Longbright gave a small smile and held out her unfettered hand. “Understood.”

Giles Kershaw was below the pavement of Euston Road, in the UCH morgue, talking to Alex Reynolds, the admitting surgeon. The remains of Anthony Pellew lay in the tray before them, being cleaned, opened and weighed.

“No birthmark on his face,” noted Kershaw, holding back his hair as he leaned over the body.

“You were expecting one?” asked Reynolds. “Shouldn’t you be wearing a cap? Or don’t they bother with them at the PCU morgue?”

“Actually, we’re skilled enough to sort out our own fibres from those of our suspects at the PCU, thanks,” retorted Kershaw coolly. “We’ve got this man down with nevus flammeus.”
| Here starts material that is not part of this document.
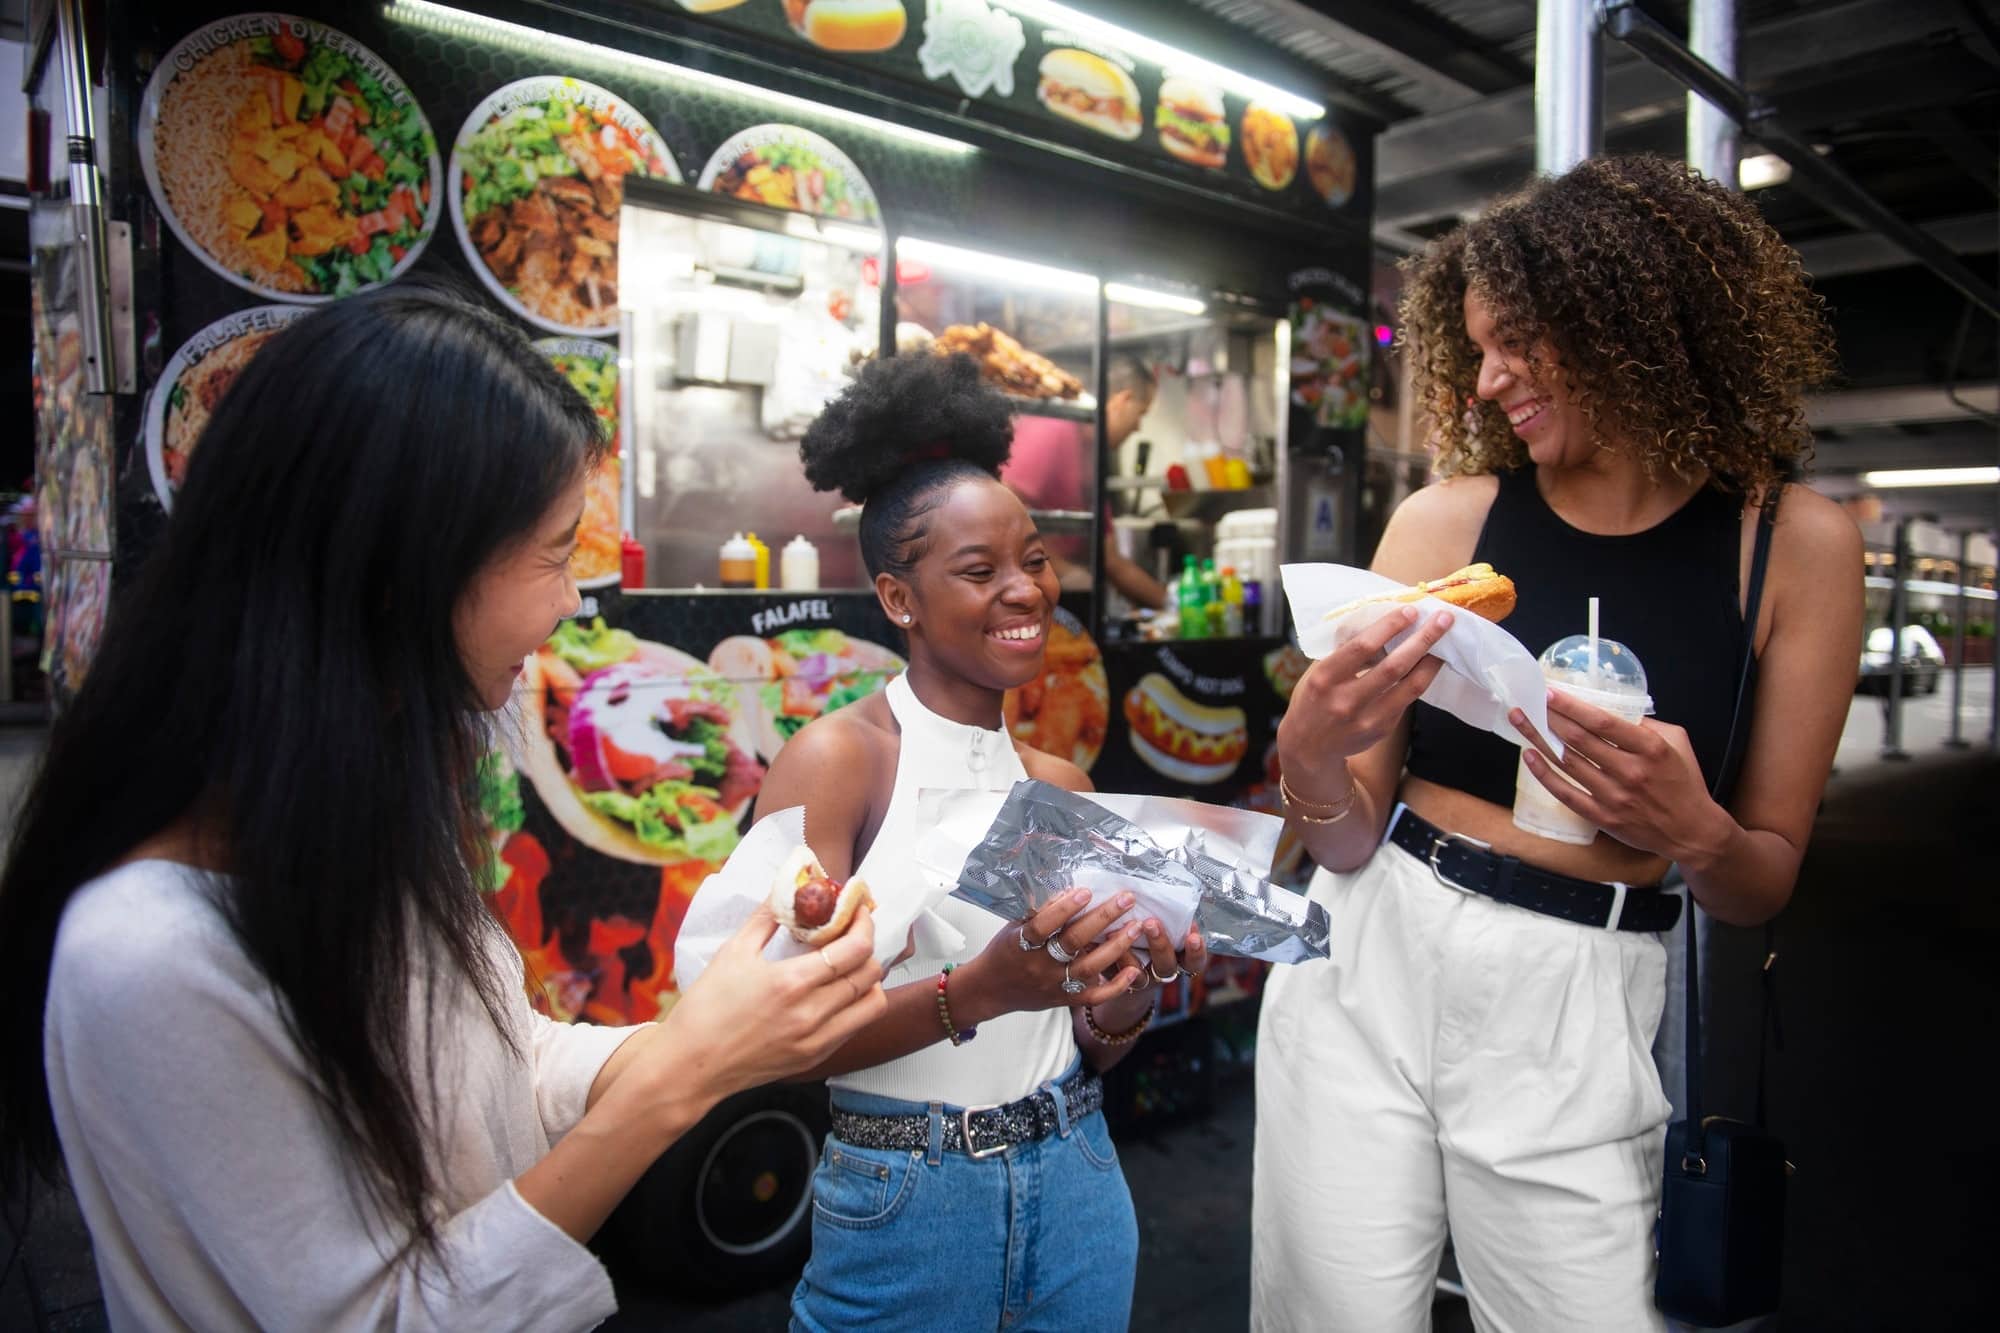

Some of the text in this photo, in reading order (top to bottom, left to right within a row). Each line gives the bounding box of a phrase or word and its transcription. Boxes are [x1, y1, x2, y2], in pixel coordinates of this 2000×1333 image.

Reynolds could not recall the term. “Remind me.”

“Port-wine facial markings. They’re formed at birth.”

“Then you’ve got the wrong man, haven’t you?”

“No, I don’t think we have. I need to get a tissue sample.” Kershaw took a closer look. Anthony Pellew had not been taking care of himself. His nails were split, the cuticles bitten and torn. A cracked front tooth, bad skin due to a poor diet, wornout underclothes, worn-out sneakers. And deep in his hairline, miniscule red specks.

Kershaw withdrew tweezers and lifted the dots into a small plastic pouch, but he could already identify the substance by its odour: lipstick. Pellew had applied the so-called birthmark with artificial colouring. Why? Was it due to some mental aberration, a form of tribal disguise, part of the ritual of killing? Or could there be a stranger reason that added method to his madness?

This case isn’t over, he thought. It looks like the real work is only just beginning.